Editorial Notes
References in Text

This chapter, referred to in subsec. (a), was in the original “this Act”, meaning Pub. L. 95–91, Aug. 4, 1977, 91 Stat. 565, known as the Department of Energy Organization Act, which is classified principally to this chapter. For complete classification of this Act to the Code, see Short Title note set out under section 7101 of this title and Tables.

Amendments

2009—Subsec. (a). Pub. L. 111–11 substituted “8 Assistant Secretaries” for “7 Assistant Secretaries” in introductory provisions.

2005—Subsec. (a). Pub. L. 109–58 substituted “7” for “six” in introductory provisions.

1999—Subsec. (a). Pub. L. 106–65, § 3294(a)(2), substituted “six” for “eight” in introductory provisions.

Subsec. (a)(5). Pub. L. 106–65, § 3294(b), struck out par. (5) which read as follows: “National security functions, including those transferred to the Department from the Energy Research and Development Administration which relate to management and implementation of the nuclear weapons program and other national security functions involving nuclear weapons research and development.”

Statutory Notes and Related Subsidiaries
Effective Date of 1999 Amendment

Amendment by Pub. L. 106–65 effective Mar. 1, 2000, see section 3299 of Pub. L. 106–65, set out as an Effective Date note under section 2401 of Title 50, War and National Defense.

Federal Power Marketing Administration Employment Levels

Pub. L. 101–514, title V, § 510, Nov. 5, 1990, 104 Stat. 2098, provided that no funds appropriated or made available were to be used by the executive branch to change employment levels determined by Administrators of the Federal Power Marketing Administrations to be necessary to carry out their responsibilities under this chapter and related laws, or to change employment levels of other Department of Energy programs to compensate for employment levels of the Federal Power Marketing Administrations, prior to repeal by Pub.

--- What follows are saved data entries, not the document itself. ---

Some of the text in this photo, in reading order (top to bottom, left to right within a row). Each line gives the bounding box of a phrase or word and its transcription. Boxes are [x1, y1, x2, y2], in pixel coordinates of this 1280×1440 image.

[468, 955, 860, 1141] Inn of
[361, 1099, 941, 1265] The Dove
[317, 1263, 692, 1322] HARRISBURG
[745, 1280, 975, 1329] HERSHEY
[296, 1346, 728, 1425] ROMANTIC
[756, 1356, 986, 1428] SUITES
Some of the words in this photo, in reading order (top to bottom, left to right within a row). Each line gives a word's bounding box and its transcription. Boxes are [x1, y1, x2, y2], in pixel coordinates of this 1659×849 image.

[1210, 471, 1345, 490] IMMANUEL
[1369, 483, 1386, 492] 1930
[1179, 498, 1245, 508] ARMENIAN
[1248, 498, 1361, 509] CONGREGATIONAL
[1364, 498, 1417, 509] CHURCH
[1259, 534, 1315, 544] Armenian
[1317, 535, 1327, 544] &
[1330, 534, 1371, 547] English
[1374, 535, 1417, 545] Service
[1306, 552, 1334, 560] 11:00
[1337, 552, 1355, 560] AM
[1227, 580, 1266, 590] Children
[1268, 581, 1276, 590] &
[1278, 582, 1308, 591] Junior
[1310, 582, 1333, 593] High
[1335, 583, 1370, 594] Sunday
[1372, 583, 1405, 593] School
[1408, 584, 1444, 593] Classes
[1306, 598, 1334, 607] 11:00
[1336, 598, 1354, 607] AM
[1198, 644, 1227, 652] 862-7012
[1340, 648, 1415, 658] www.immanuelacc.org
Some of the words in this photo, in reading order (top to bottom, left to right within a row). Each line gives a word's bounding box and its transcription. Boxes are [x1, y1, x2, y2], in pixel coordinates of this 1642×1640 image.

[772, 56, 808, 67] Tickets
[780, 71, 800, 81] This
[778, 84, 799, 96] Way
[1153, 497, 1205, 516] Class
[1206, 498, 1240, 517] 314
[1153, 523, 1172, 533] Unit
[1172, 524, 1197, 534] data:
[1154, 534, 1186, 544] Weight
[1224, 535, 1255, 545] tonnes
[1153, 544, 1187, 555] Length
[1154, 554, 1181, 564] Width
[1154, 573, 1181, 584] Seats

L. 104–46, title V, § 501, Nov. 13, 1995, 109 Stat. 419.

Marketing and Exchange of Surplus Electricity From Navajo Generating Station

Pub. L. 98–381, title I, § 107, Aug. 17, 1984, 98 Stat. 1339, provided that:

“(a)
Subject to the provisions of any existing layoff contracts, electrical capacity and energy associated with the United States’ interest in the Navajo generating station which is in excess of the pumping requirements of the Central Arizona project and any such needs for desalting and protective pumping facilities as may be required under section 101(b)(2)(B) of the Colorado River Basin Salinity Control Act of 1974, as amended [43 U.S.C. 1571(b)(2)(B)] (hereinafter in this Act referred to as ‘Navajo surplus’) shall be marketed and exchanged by the Secretary of Energy pursuant to this section.
“(b)
Navajo surplus shall be marketed by the Secretary of Energy pursuant to the plan adopted under subsection (c) of this section, directly to, with or through the Arizona Power Authority and/or other entities having the status of preference entities under the reclamation law in accordance with the preference provisions of section 9(c) of the Reclamation Project Act of 1939 [43 U.S.C. 485h(c)] and as provided in part IV, section A of the Criteria.
“(c)
In the marketing and exchanging of Navajo surplus, the Secretary of the Interior shall adopt the plan deemed most acceptable, after consultation with the Secretary of Energy, the Governor of Arizona, and the Central Arizona Water Conservation District (or its successor in interest to the repayment obligation for the Central Arizona project), for the purposes of optimizing the availability of Navajo surplus and providing financial assistance in the timely construction and repayment of construction costs of authorized features of the Central Arizona project. The Secretary of the Interior, in concert with the Secretary of Energy, in accordance with section 14 of the Reclamation Project Act of 1939 [43 U.S.C. 389], shall grant electrical power and energy exchange rights with Arizona entities as necessary to implement the adopted plan: Provided, however, That if exchange rights with Arizona entities are not required to implement the adopted plan, exchange rights may be offered to other entities.
“(d)
For the purposes provided in subsection (c) of this section, the Secretary of Energy, or the marketing entity or entities under the adopted plan, are authorized to establish and collect or cause to be established and collected, rate components, in addition to those currently authorized, and to deposit the revenues received in the Lower Colorado River Basin Development Fund to be available for such purposes and if required under the adopted plan, to credit, utilize, pay over directly or assign revenues from such additional rate components to make repayment and establish reserves for repayment of funds, including interest incurred, to entities which have advanced funds for the purposes of subsection (c) of this section: Provided, however, That rates shall not exceed levels that allow for an appropriate saving for the contractor.
“(e)
To the extent that this section may be in conflict with any other provision of law relating to the marketing and exchange of Navajo surplus, or to the disposition of any revenues therefrom, this section shall control.”